Free-text object descriptions:
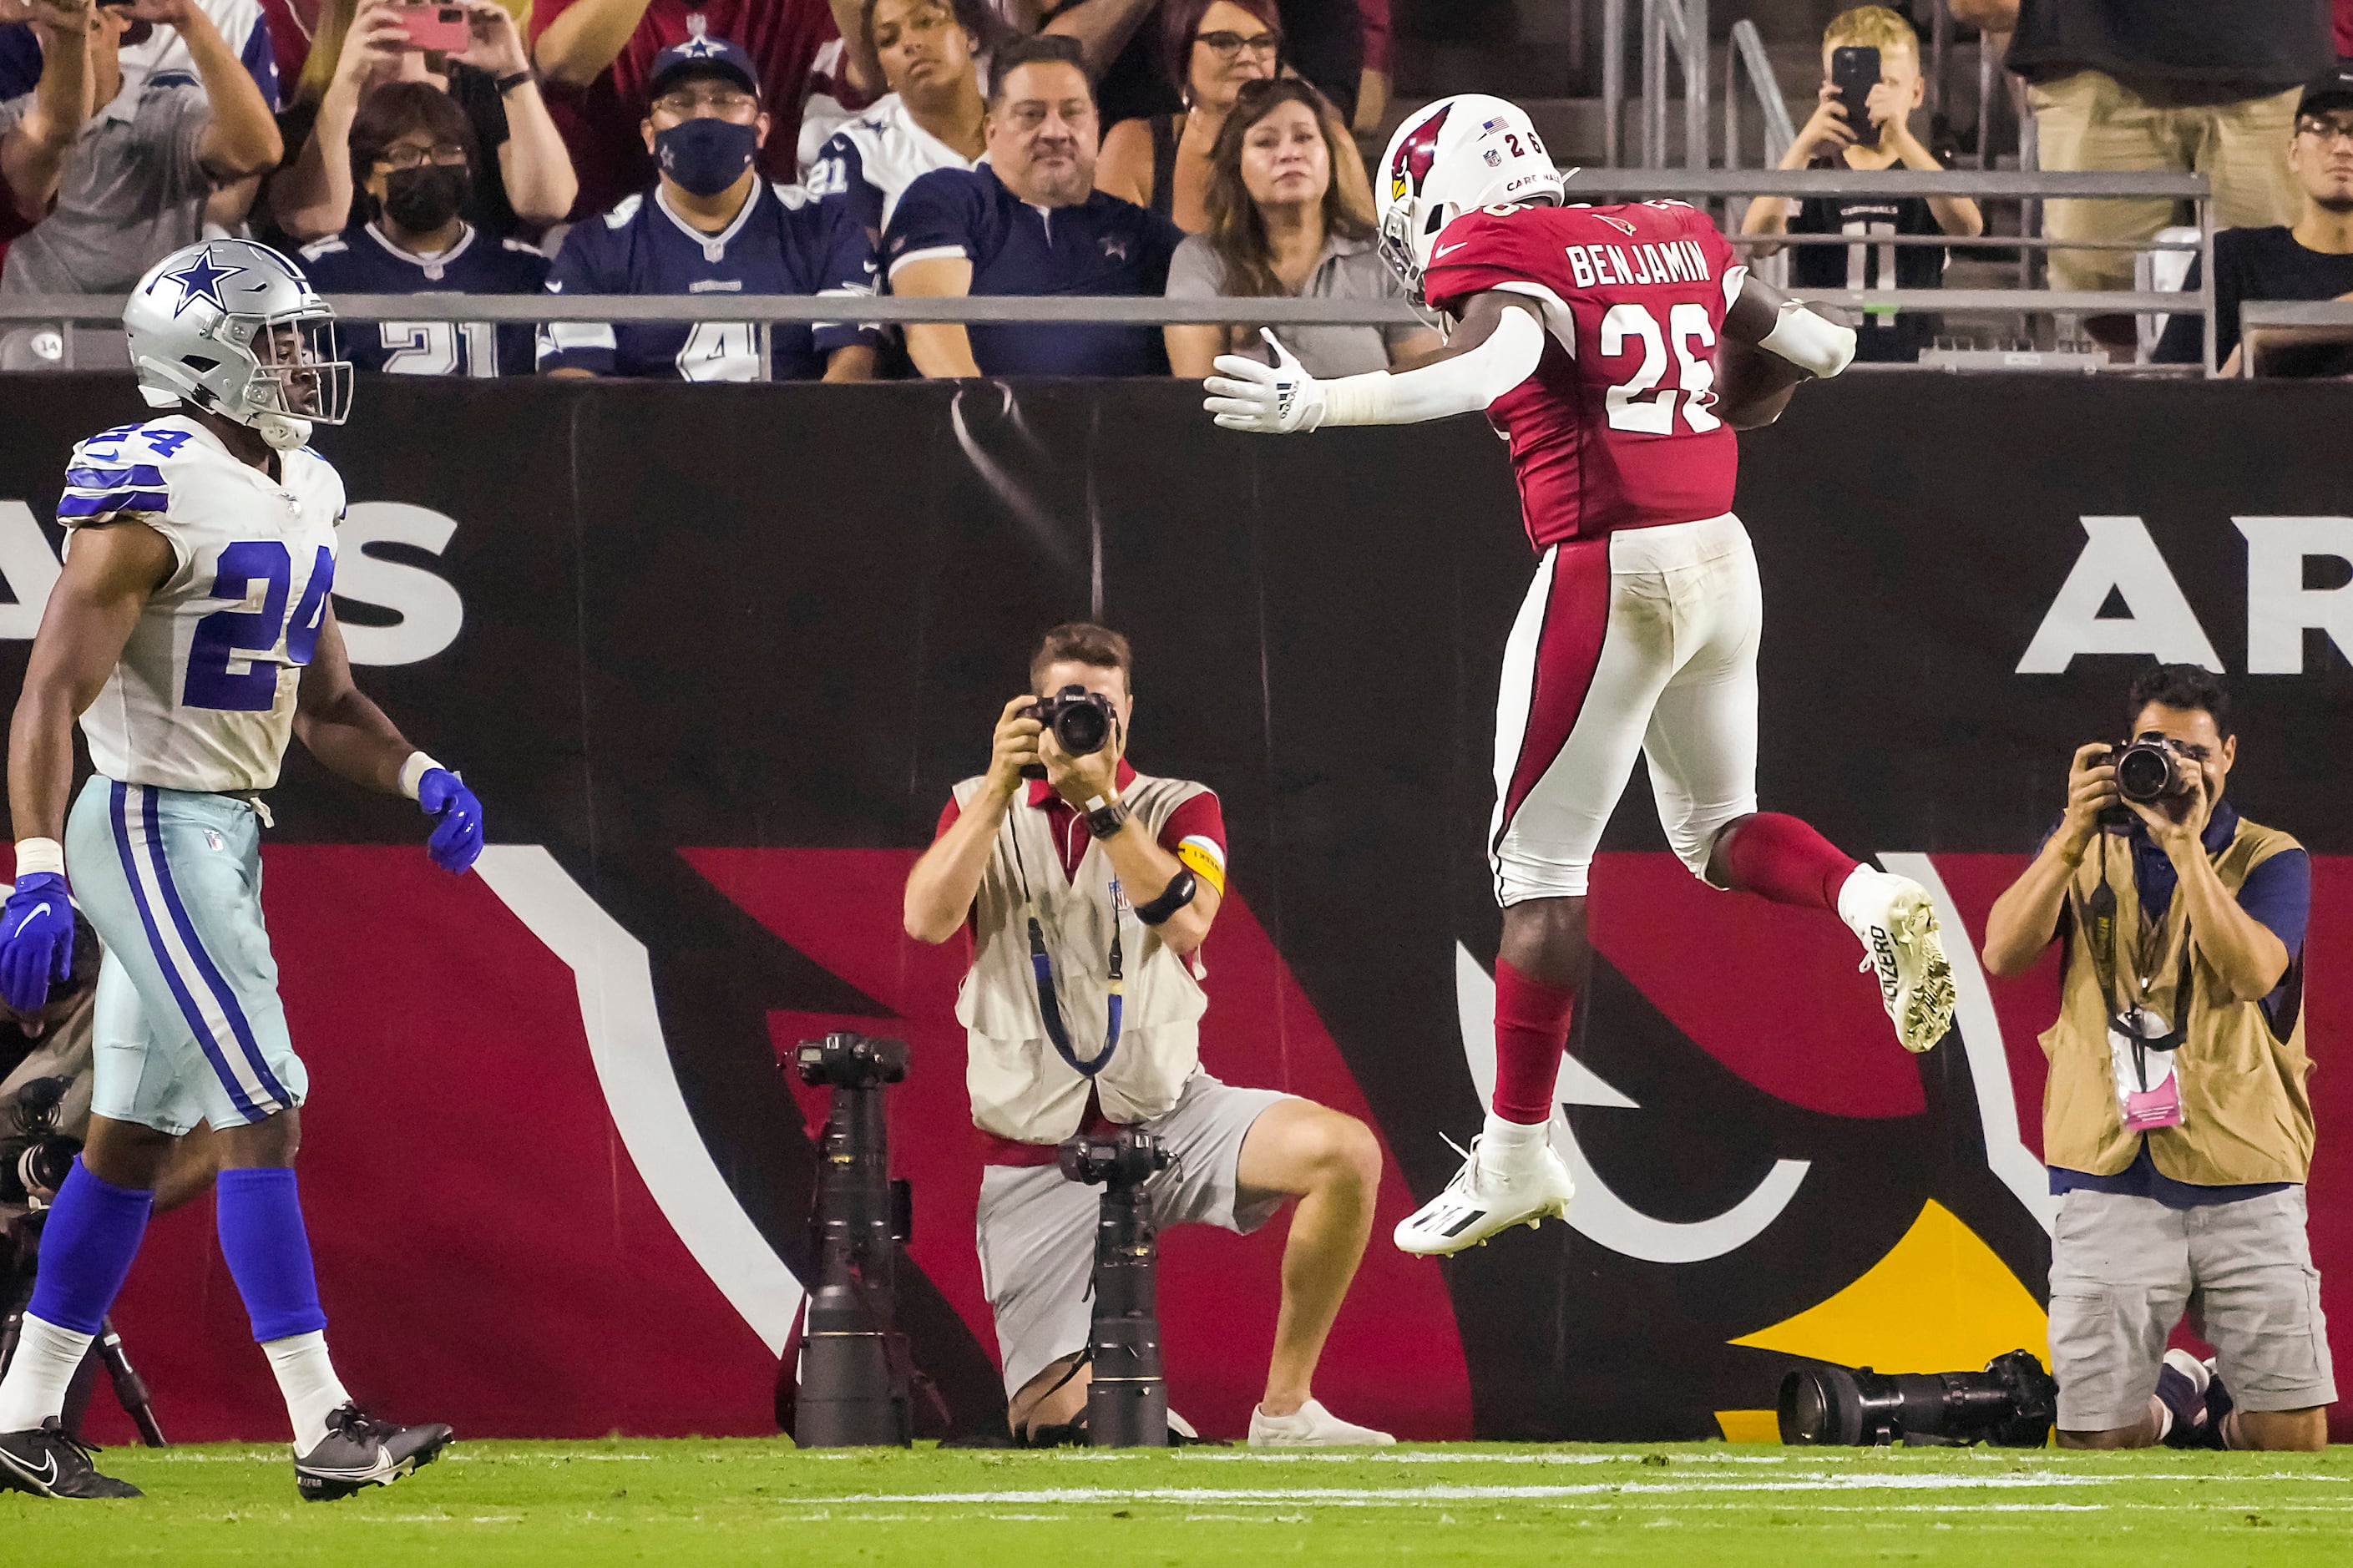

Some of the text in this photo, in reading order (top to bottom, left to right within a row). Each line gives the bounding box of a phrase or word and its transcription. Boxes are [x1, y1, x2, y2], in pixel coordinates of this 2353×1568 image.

[1565, 240, 1711, 288] BENJAMIN
[676, 321, 759, 382] 4
[1601, 302, 1722, 436] 26
[83, 422, 194, 458] 24
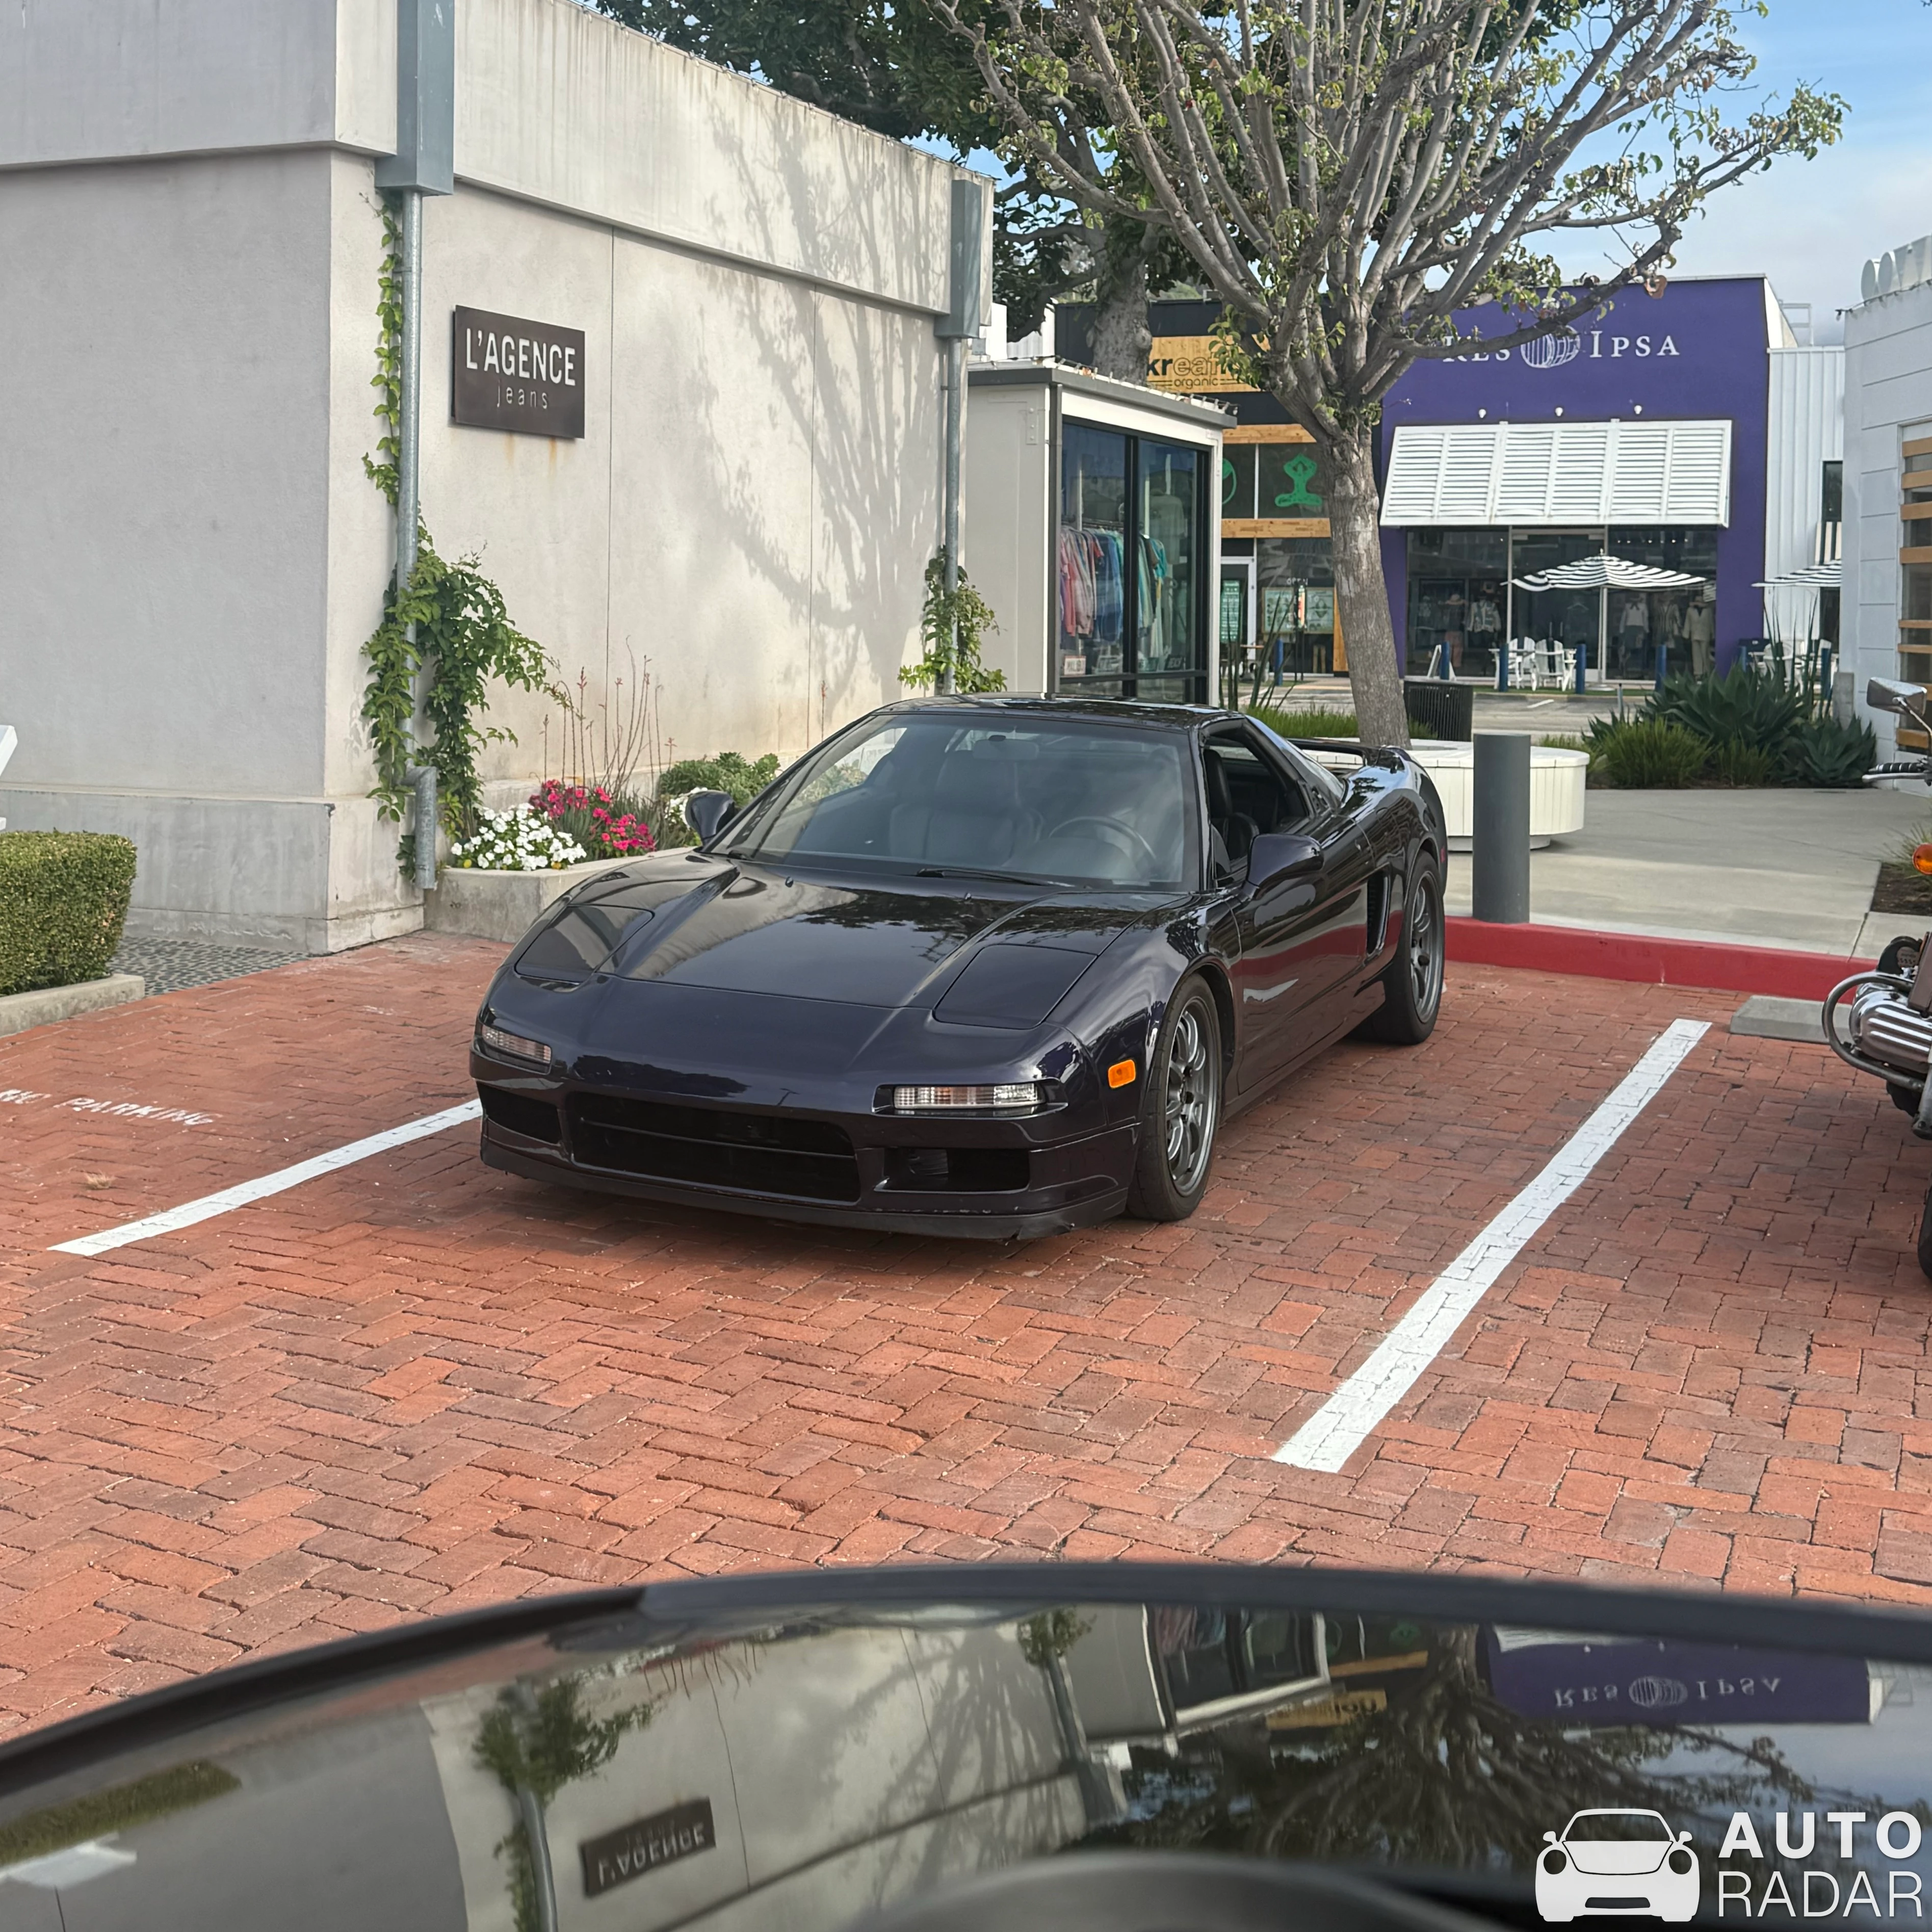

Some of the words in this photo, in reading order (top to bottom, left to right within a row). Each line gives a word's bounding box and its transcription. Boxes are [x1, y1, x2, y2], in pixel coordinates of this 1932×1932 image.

[466, 328, 576, 386] L'AGENCE
[1589, 330, 1680, 358] IPSA
[497, 379, 549, 409] jeans
[1173, 376, 1219, 389] organic
[53, 1098, 223, 1125] PARKING

### Work instruction
The images are to be left out while the entries are written out exactly.

### Exercise answer
Some of the text in this photo, in reading order (top to bottom, left to right within a row). Each line gives the bounding box of a phrase or word and its transcription. Boxes are [x1, y1, x2, y2], in pixel coordinates of this 2353×1568 image.

[1565, 240, 1711, 288] BENJAMIN
[676, 321, 759, 382] 4
[1601, 302, 1722, 436] 26
[83, 422, 194, 458] 24

Some of the words in this photo, in reading order (top to bottom, left to right within a row). Each line gives a word's bounding box and its transcription. Boxes are [x1, y1, x2, y2], in pixel coordinates of this 1932×1932 image.

[466, 328, 576, 386] L'AGENCE
[1589, 330, 1680, 358] IPSA
[497, 379, 549, 409] jeans
[1173, 376, 1219, 389] organic
[53, 1098, 223, 1125] PARKING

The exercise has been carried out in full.